*DATA RECORDS*.
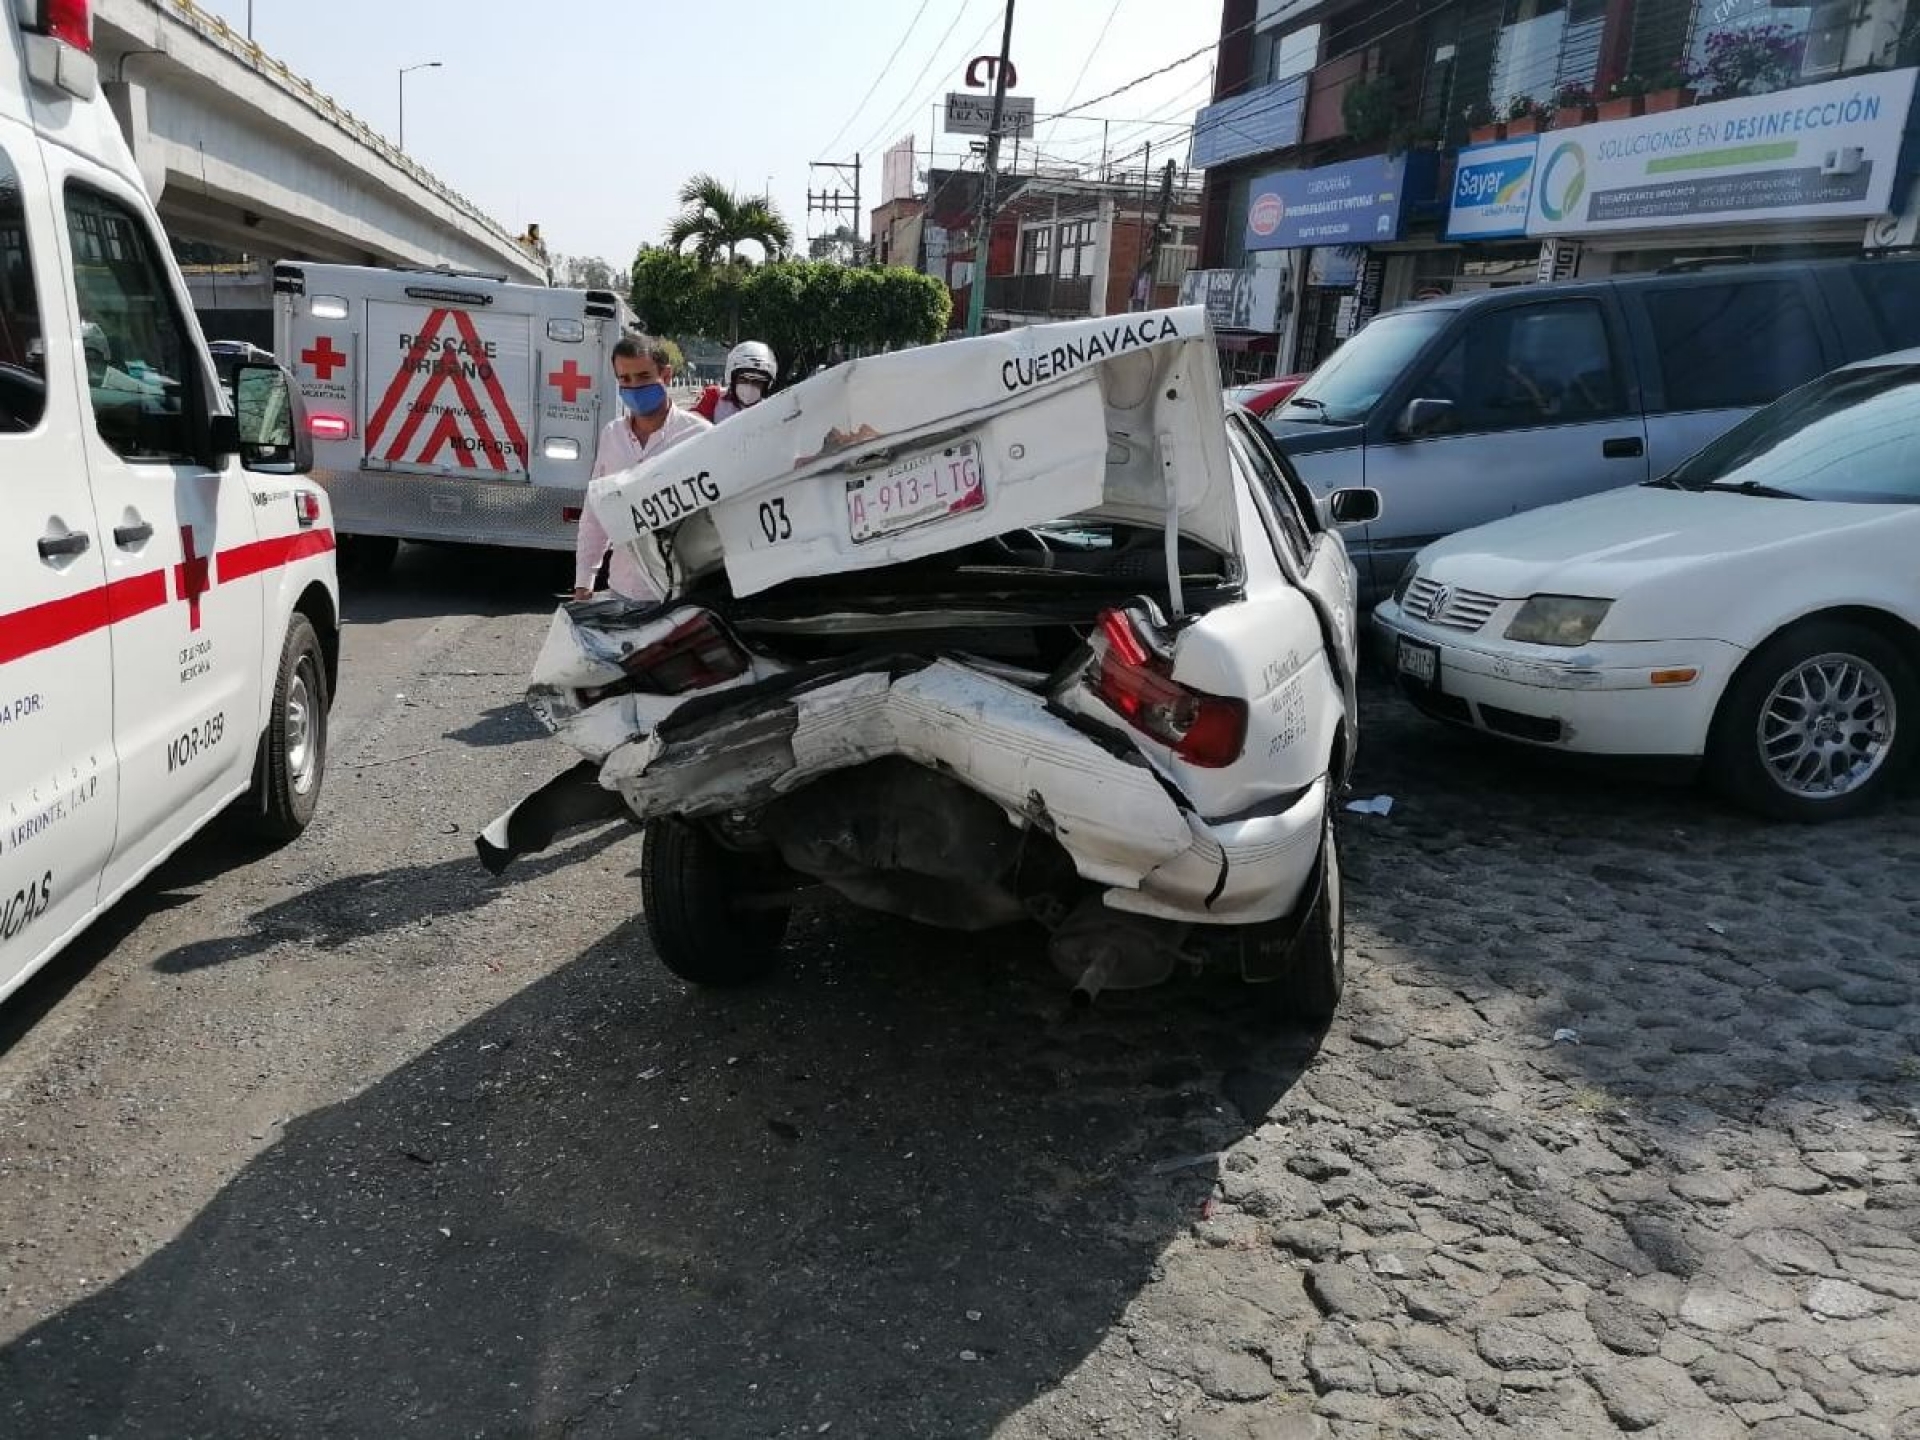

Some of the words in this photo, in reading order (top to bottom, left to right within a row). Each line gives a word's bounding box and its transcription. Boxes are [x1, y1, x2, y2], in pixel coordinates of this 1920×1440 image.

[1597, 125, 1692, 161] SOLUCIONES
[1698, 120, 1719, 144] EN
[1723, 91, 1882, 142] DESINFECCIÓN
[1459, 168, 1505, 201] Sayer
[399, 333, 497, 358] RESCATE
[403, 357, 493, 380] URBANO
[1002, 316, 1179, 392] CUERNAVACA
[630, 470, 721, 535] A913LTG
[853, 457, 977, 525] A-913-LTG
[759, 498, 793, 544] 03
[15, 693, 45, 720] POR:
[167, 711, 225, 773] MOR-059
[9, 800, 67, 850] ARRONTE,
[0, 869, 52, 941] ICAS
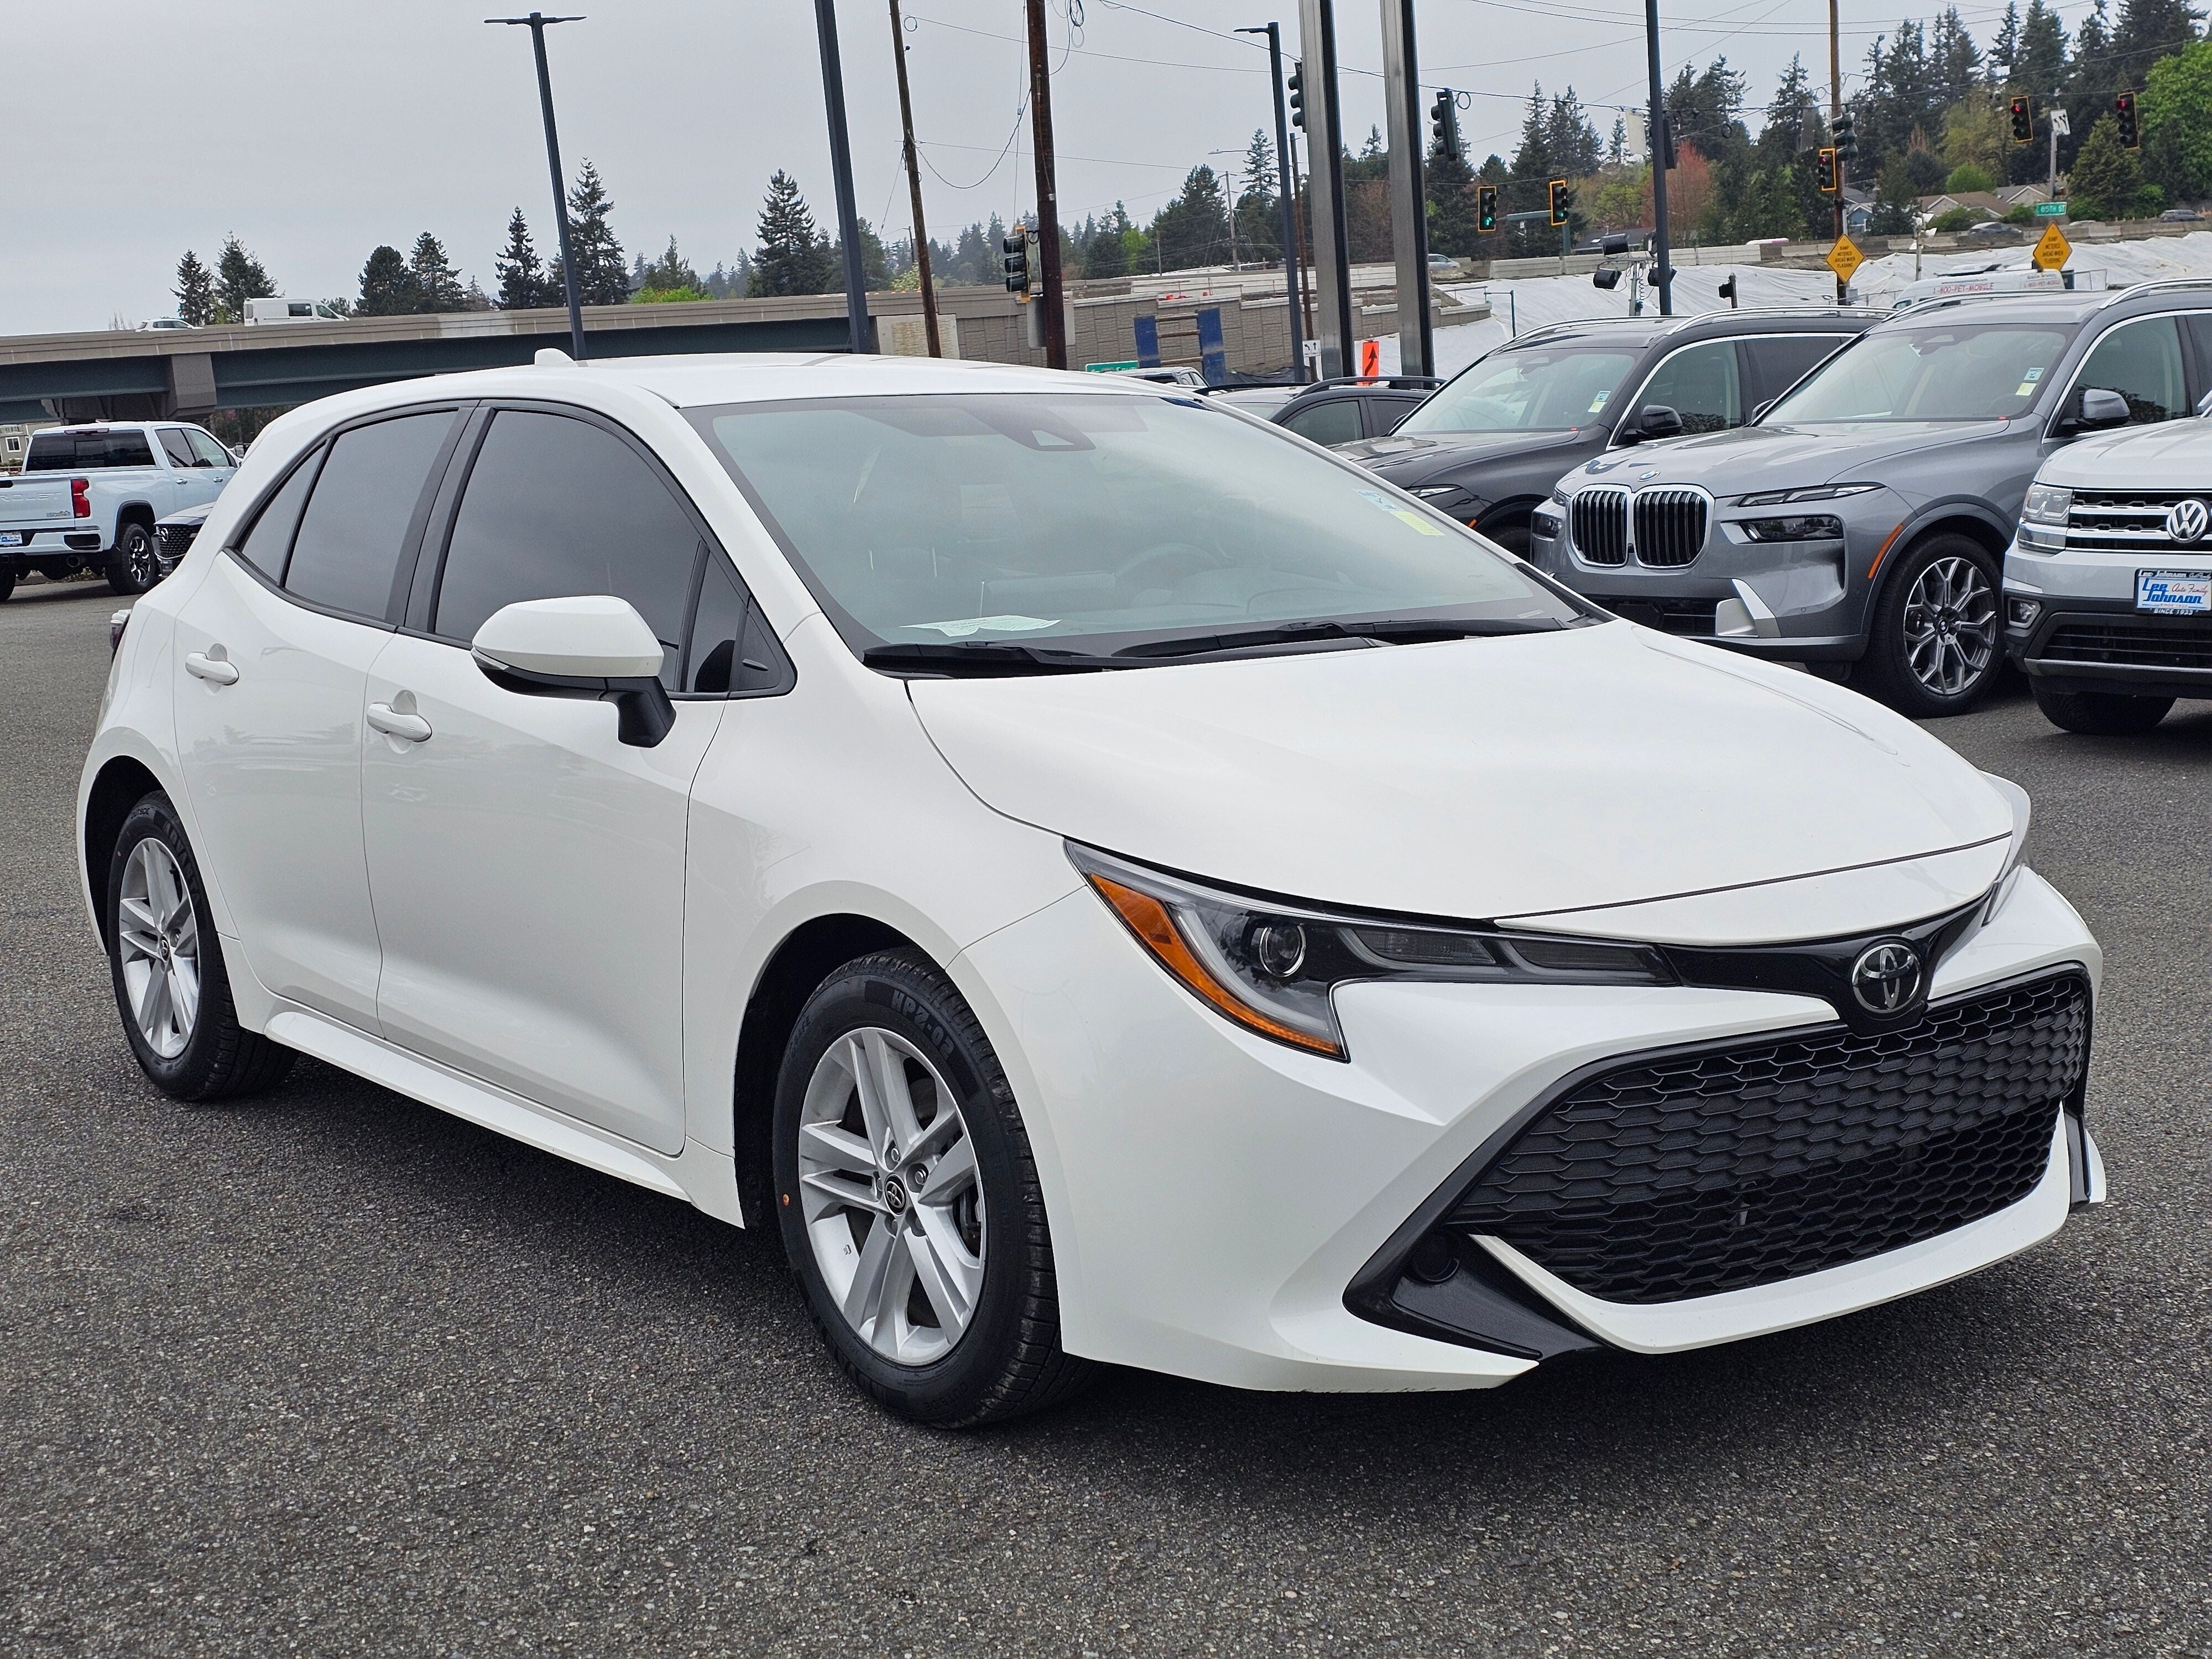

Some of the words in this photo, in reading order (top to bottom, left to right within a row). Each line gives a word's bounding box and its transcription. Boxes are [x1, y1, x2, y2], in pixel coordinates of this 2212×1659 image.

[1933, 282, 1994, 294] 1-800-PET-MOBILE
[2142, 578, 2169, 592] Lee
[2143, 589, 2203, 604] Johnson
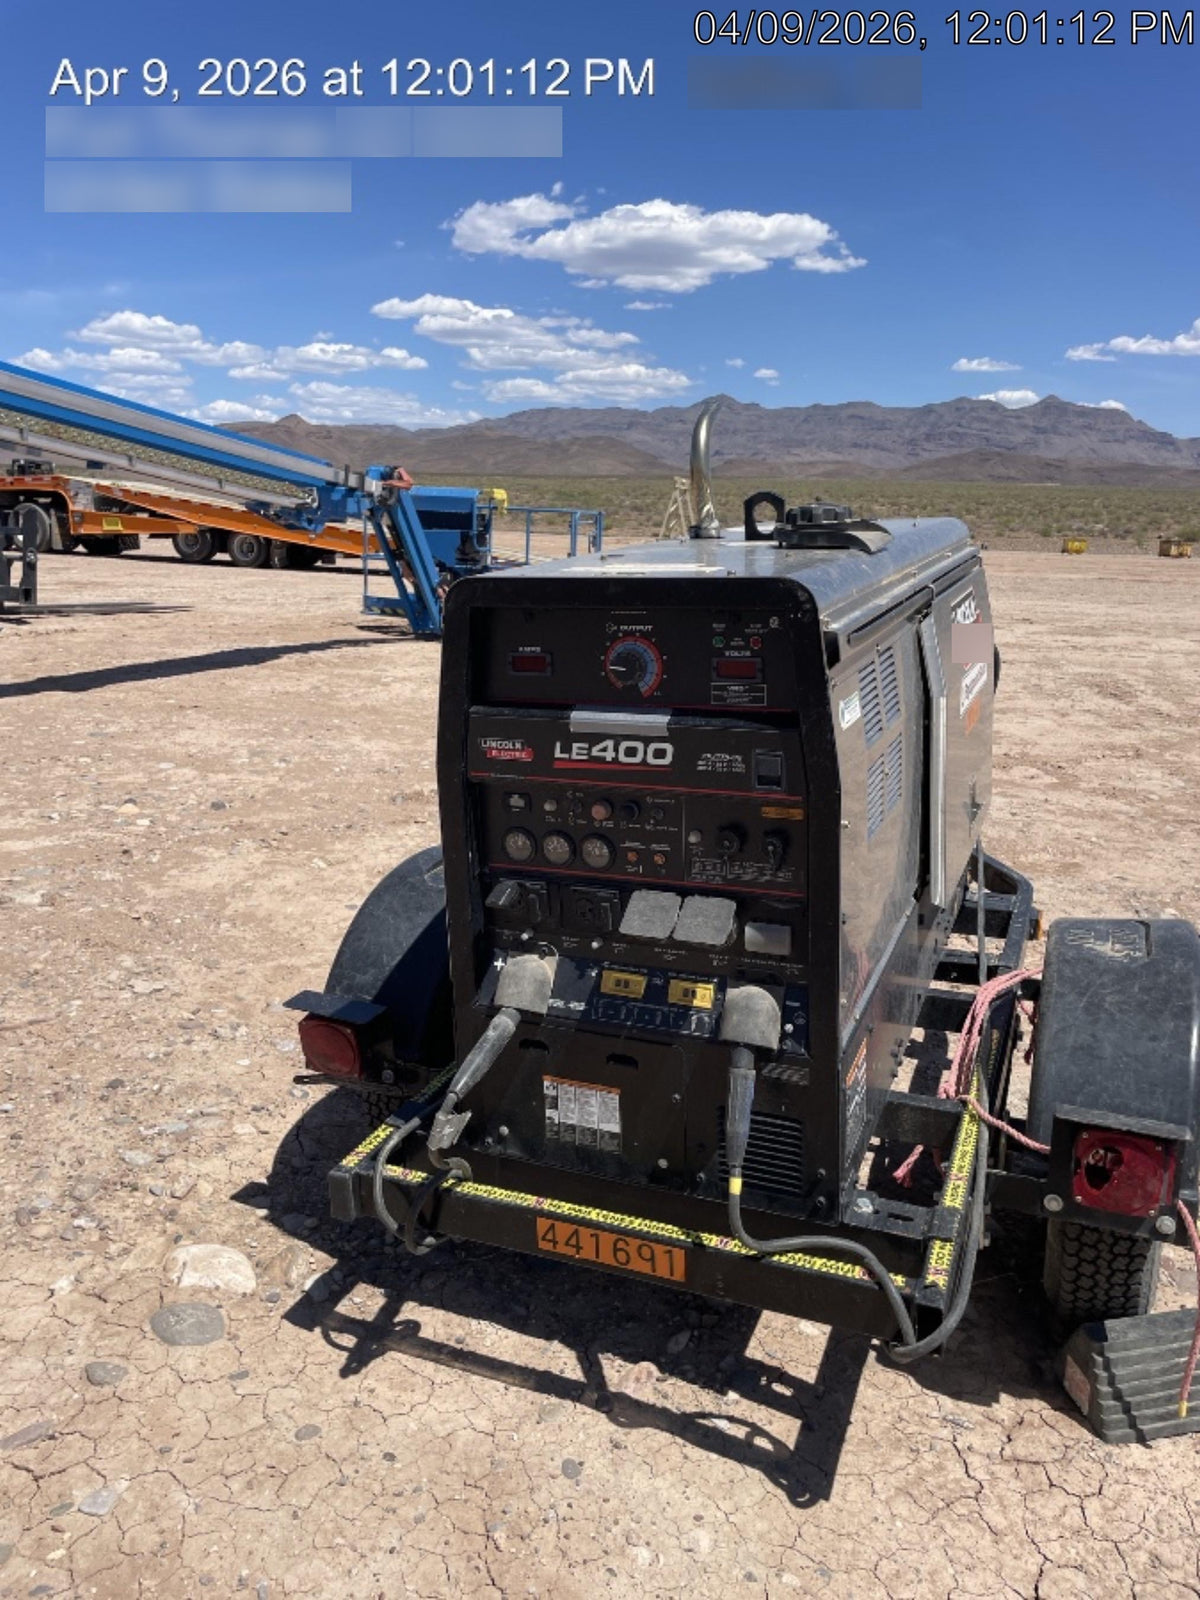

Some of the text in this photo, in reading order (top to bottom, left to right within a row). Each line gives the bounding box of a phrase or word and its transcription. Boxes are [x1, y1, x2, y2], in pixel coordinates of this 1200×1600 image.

*WORK TO COMPLETE*. Give every entry again verbatim, with no pictures.

*TASK RESPONSE*.
Some of the words in this photo, in reading order (top to bottom, left to right within a row). Each line gives a word's bounding box and its transcription. Boxes are [x1, y1, x2, y2], in pixel coordinates of this 1920×1440 image.

[1597, 125, 1692, 161] SOLUCIONES
[1698, 120, 1719, 144] EN
[1723, 91, 1882, 142] DESINFECCIÓN
[1459, 168, 1505, 201] Sayer
[399, 333, 497, 358] RESCATE
[403, 357, 493, 380] URBANO
[1002, 316, 1179, 392] CUERNAVACA
[630, 470, 721, 535] A913LTG
[853, 457, 977, 525] A-913-LTG
[759, 498, 793, 544] 03
[15, 693, 45, 720] POR:
[167, 711, 225, 773] MOR-059
[9, 800, 67, 850] ARRONTE,
[0, 869, 52, 941] ICAS

Some of the words in this photo, in reading order (top to bottom, left to right within a row). Each line gives a word's bounding box and its transcription. Boxes are [x1, y1, x2, y2], in pixel coordinates of this 2212×1659 image.

[1933, 282, 1994, 294] 1-800-PET-MOBILE
[2142, 578, 2169, 592] Lee
[2143, 589, 2203, 604] Johnson

Some of the text in this photo, in reading order (top to bottom, left to right within a row). Each line gives the bounding box of a phrase or word and its transcription. Boxes are [x1, y1, x2, y2], in pixel coordinates of this 1200×1600 image.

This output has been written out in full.